→ Provided records:

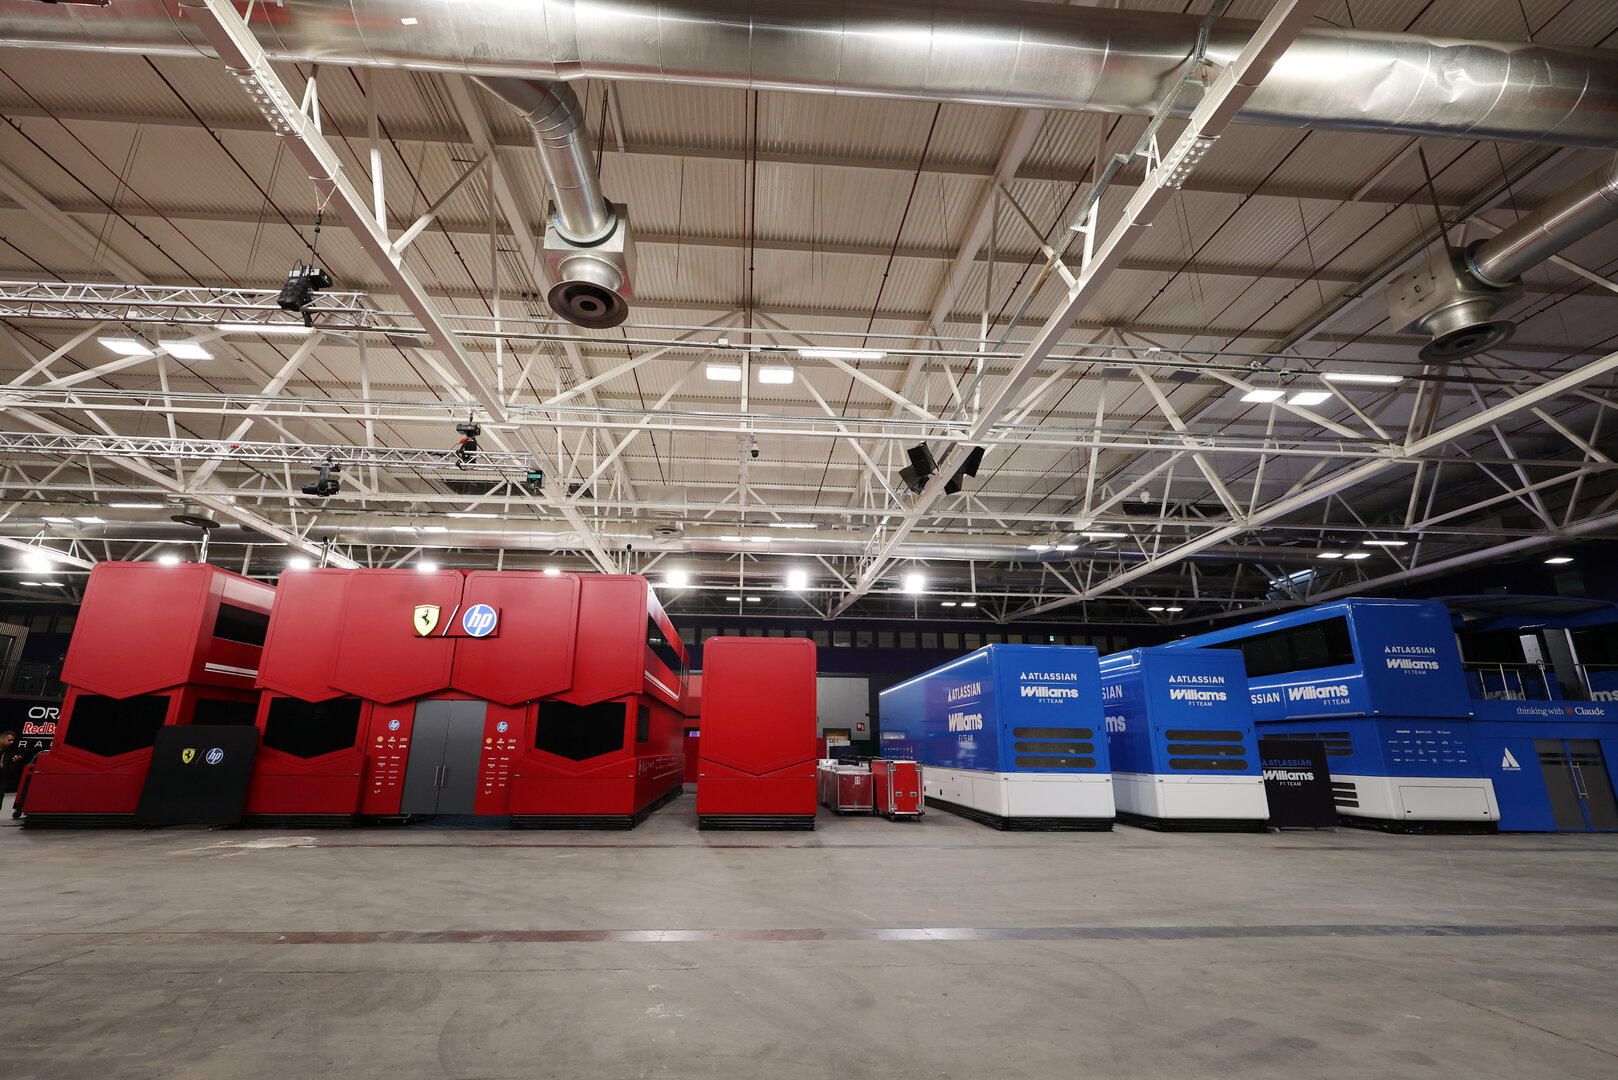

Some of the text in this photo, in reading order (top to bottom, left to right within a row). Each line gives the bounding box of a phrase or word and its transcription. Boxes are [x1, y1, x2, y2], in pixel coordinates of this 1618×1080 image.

[464, 604, 496, 637] hp
[1392, 646, 1436, 654] ATLASSIAN
[1386, 658, 1439, 670] Williams
[1028, 672, 1077, 680] ATLASSIAN
[1176, 675, 1225, 684] ATLASSIAN
[951, 681, 981, 701] ATLASSIAN
[1020, 686, 1079, 698] Williams
[1169, 688, 1228, 701] Williams
[1288, 685, 1349, 701] Williams
[28, 706, 60, 719] OR
[1516, 706, 1606, 717] thinking with Claude
[22, 721, 57, 735] Red B
[948, 712, 983, 732] Williams
[18, 740, 53, 748] RA
[206, 747, 224, 765] hp
[1269, 759, 1312, 767] ATLASSIAN
[1262, 769, 1315, 781] Williams
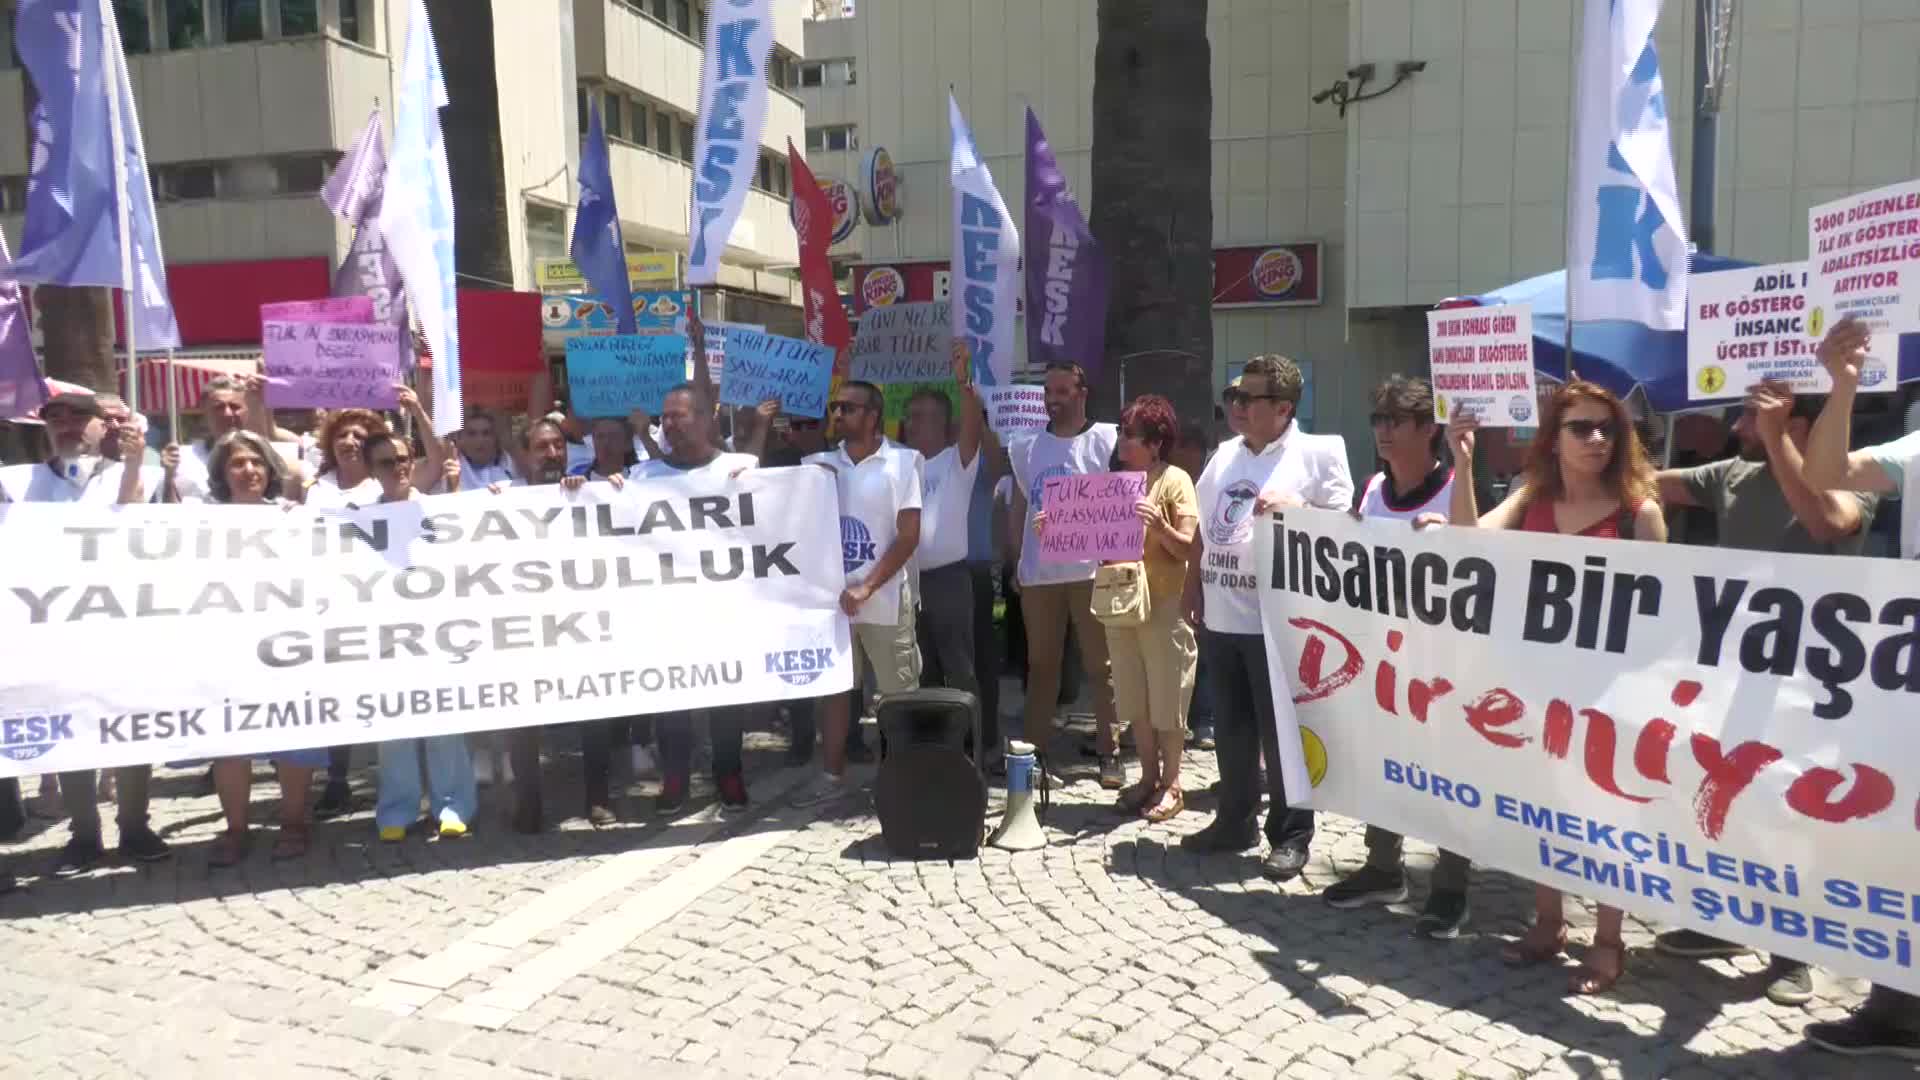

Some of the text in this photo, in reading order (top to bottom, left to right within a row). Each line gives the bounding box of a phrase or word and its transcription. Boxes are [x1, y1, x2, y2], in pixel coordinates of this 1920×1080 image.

[1814, 211, 1845, 234] 3600
[1753, 269, 1796, 292] ADİL
[865, 282, 900, 306] KING
[1700, 303, 1720, 320] EK
[1735, 317, 1805, 337] İNSANC
[1717, 341, 1768, 362] ÜCRET
[421, 491, 755, 544] SAYILARI
[1096, 532, 1120, 553] VAR
[1200, 568, 1257, 590] ABİP ODAS
[256, 610, 613, 668] GERÇEK!
[764, 647, 836, 674] KESK
[100, 660, 744, 744] KESK İZMİR ŞUBELER PLATFORMU
[1287, 617, 1920, 841] Direniyo
[1383, 756, 1481, 809] BÜRO
[1494, 794, 1800, 896] EMEKÇİLERİ
[1538, 838, 1912, 969] İZMİR ŞUBESİ

→ Exercise objective:
Only one thing belongs in the reply: the exact lines of the listing above, from the one with "this 1920×1080 image." through its last line.

→ Finished task:
Some of the text in this photo, in reading order (top to bottom, left to right within a row). Each line gives the bounding box of a phrase or word and its transcription. Boxes are [x1, y1, x2, y2], in pixel coordinates of this 1920×1080 image.

[1814, 211, 1845, 234] 3600
[1753, 269, 1796, 292] ADİL
[865, 282, 900, 306] KING
[1700, 303, 1720, 320] EK
[1735, 317, 1805, 337] İNSANC
[1717, 341, 1768, 362] ÜCRET
[421, 491, 755, 544] SAYILARI
[1096, 532, 1120, 553] VAR
[1200, 568, 1257, 590] ABİP ODAS
[256, 610, 613, 668] GERÇEK!
[764, 647, 836, 674] KESK
[100, 660, 744, 744] KESK İZMİR ŞUBELER PLATFORMU
[1287, 617, 1920, 841] Direniyo
[1383, 756, 1481, 809] BÜRO
[1494, 794, 1800, 896] EMEKÇİLERİ
[1538, 838, 1912, 969] İZMİR ŞUBESİ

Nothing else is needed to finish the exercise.